A Jung-ian Thing

Most of the province of Alberta (if not the entire country of Canada) has expected the Calgary Hitmen of the Western Hockey League to earn an easy 1st round sweep of the Edmonton Oil Kings in the best-of-seven series in the CHL playoffs. They are, after all, the No. 1 seed and the most dominant team in Canadian junior hockey this season.

And as it stands right now, they are up 3-0 against the Oil Kings and look to close out the series tonight in Edmonton... That is, if they can outlast goalie Torrie Jung one more time.

Jung, the Lightning's 7th round pick in 2007, has been a force all unto himself during this playoff series:  He's faced 37, 56 and 45 shots in games one, two and three respectively and chalked up 32, 54 and 41 saves in those efforts.

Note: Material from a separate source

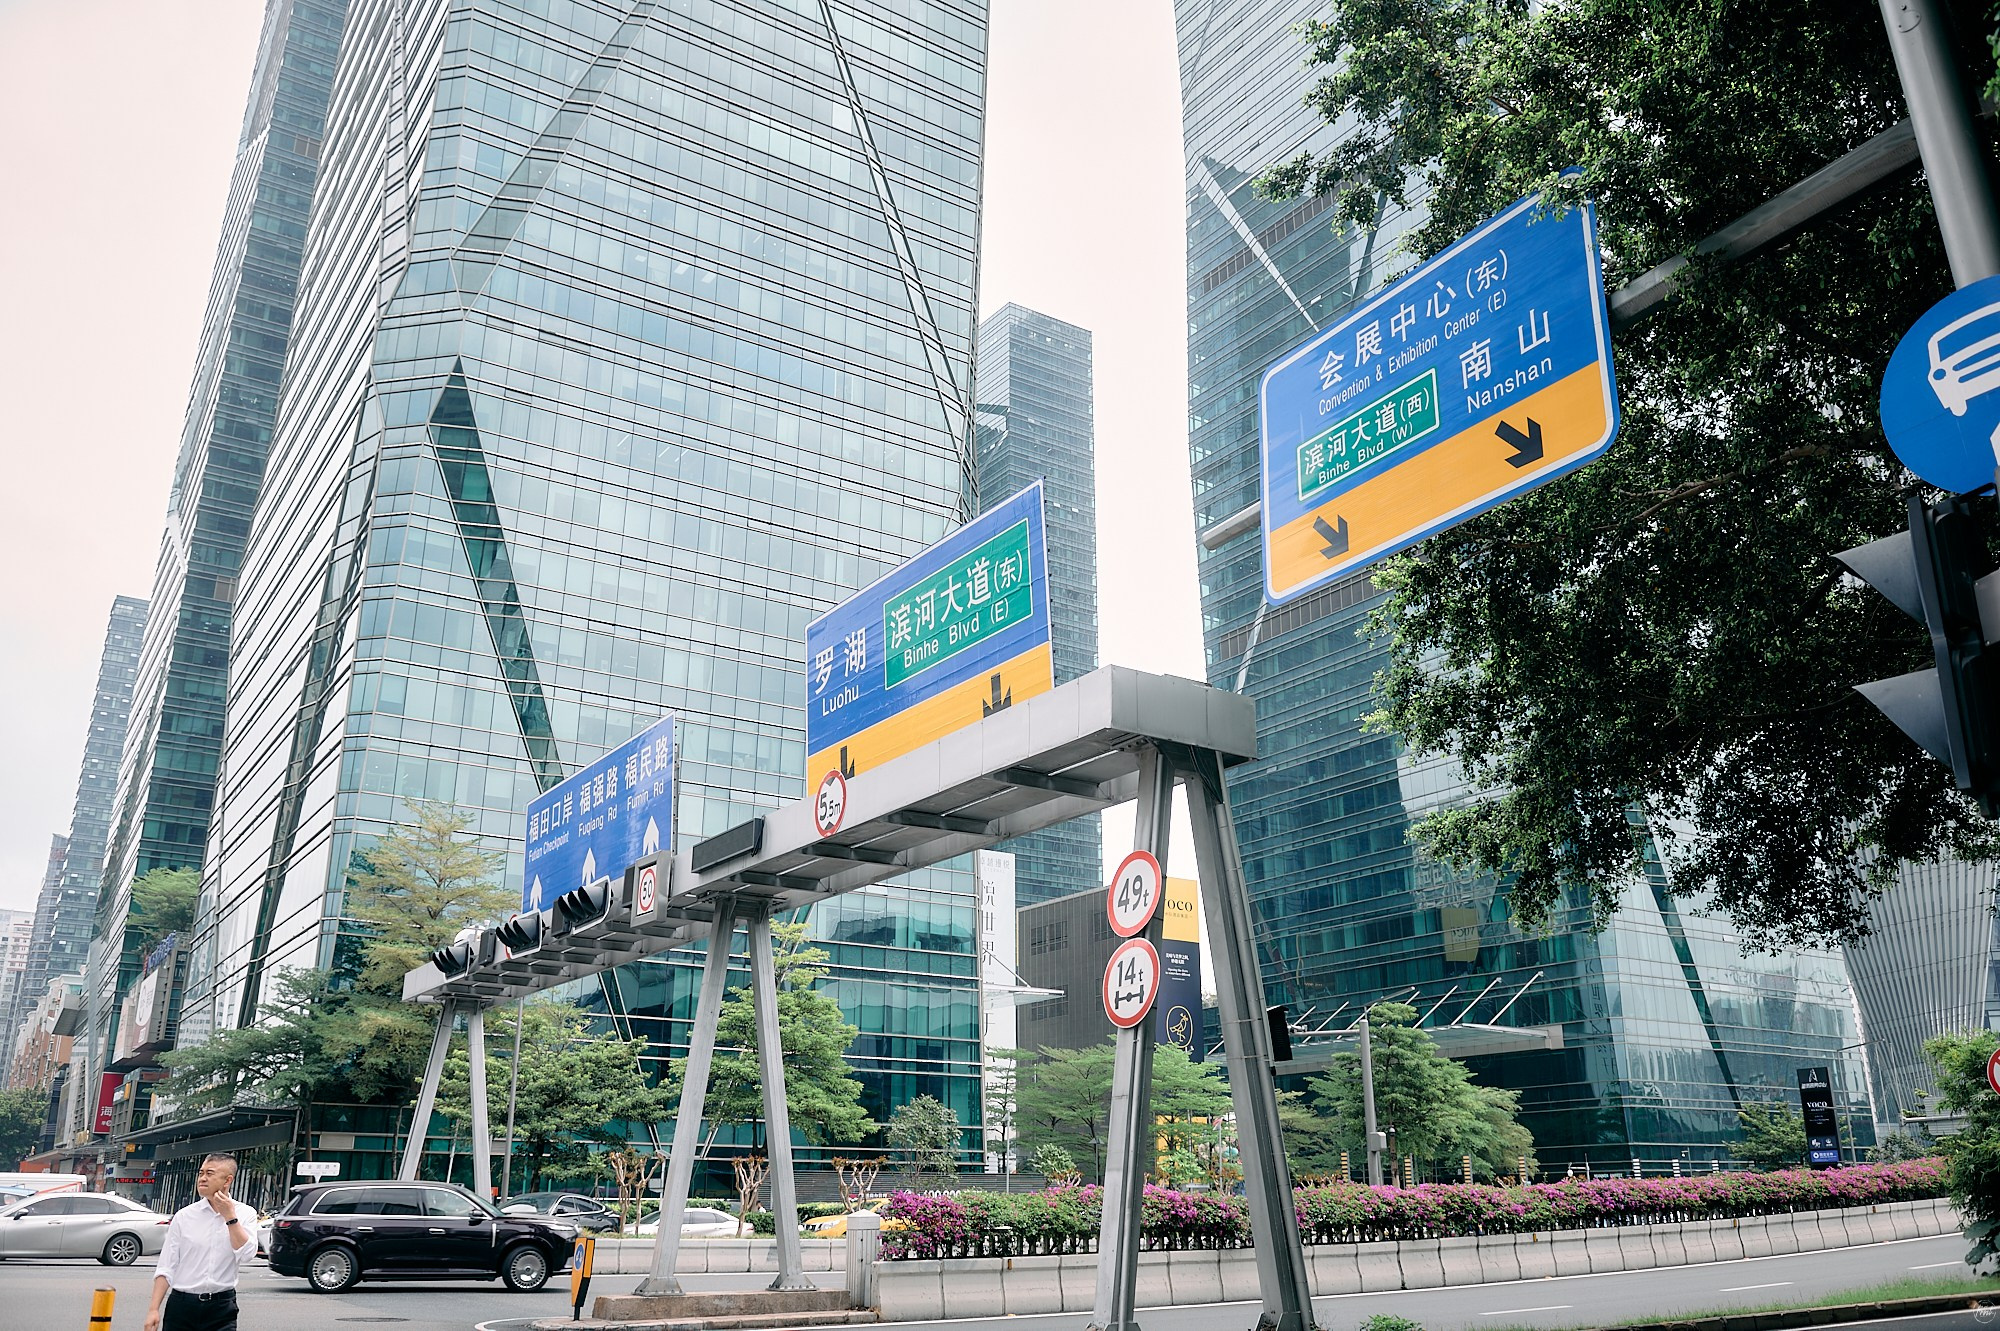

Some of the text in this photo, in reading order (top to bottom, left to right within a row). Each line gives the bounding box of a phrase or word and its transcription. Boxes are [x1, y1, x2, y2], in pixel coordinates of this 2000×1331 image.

The Calgary Herald compared the Hitmen's relentless assault on Jung to French peasants, storming the Bastille in July of 1789.  The story goes on to say:

But it didn't seem fair or just, somehow, when Car-son McMillan nimbly deflected a Paul Postma shot down, the puck skipping off the ice and ricocheting past the screened, startled goaltender at 8:04 of overtime.

In fact, it seemed downright cruel.

Jung himself was owed a far happier fate.

Knowing how bitter the rivalry between Calgary and Edmonton is in general and not just hockey, I'd never expect that kind of praise heeped on The Enemy after an overtime win.  But Torrie Jung proved to be the exception to the rule after his show-stopping effort in game two.

The same type of praise is lumped on him in the Calgary Sun as well, witht he paper pubicly lamenting the fact that Jung had already been drafted by an NHL team.

Of course, a player's stats do not start with the playoffs.  Jung played in 48 games this season and notched a 2.56 Goals Against Average with .915 save percentage.  His 20-20 record reflects the record of a team that just inched into the playoffs.  And while the Western Hockey League is no NHL, his GAA/Save Percentage puts him in statistical territory  comparable to the Bolts injured starter, Mike Smith.

Riku Helenius is supposed to be the next big thing with the Bolts - the netminder of the future and a top draft pick (2006) while Karri Ramo and Mike McKenna hold down the fort in Tampa at current, serving admirably in the wake of the Lightning's injury pleagued season.  With Smith, Helenius, Ramo and McKenna rounded out by the emergence of Jung, a pleasant complication in netminding for the Lightning may be brewing for next season and beyond.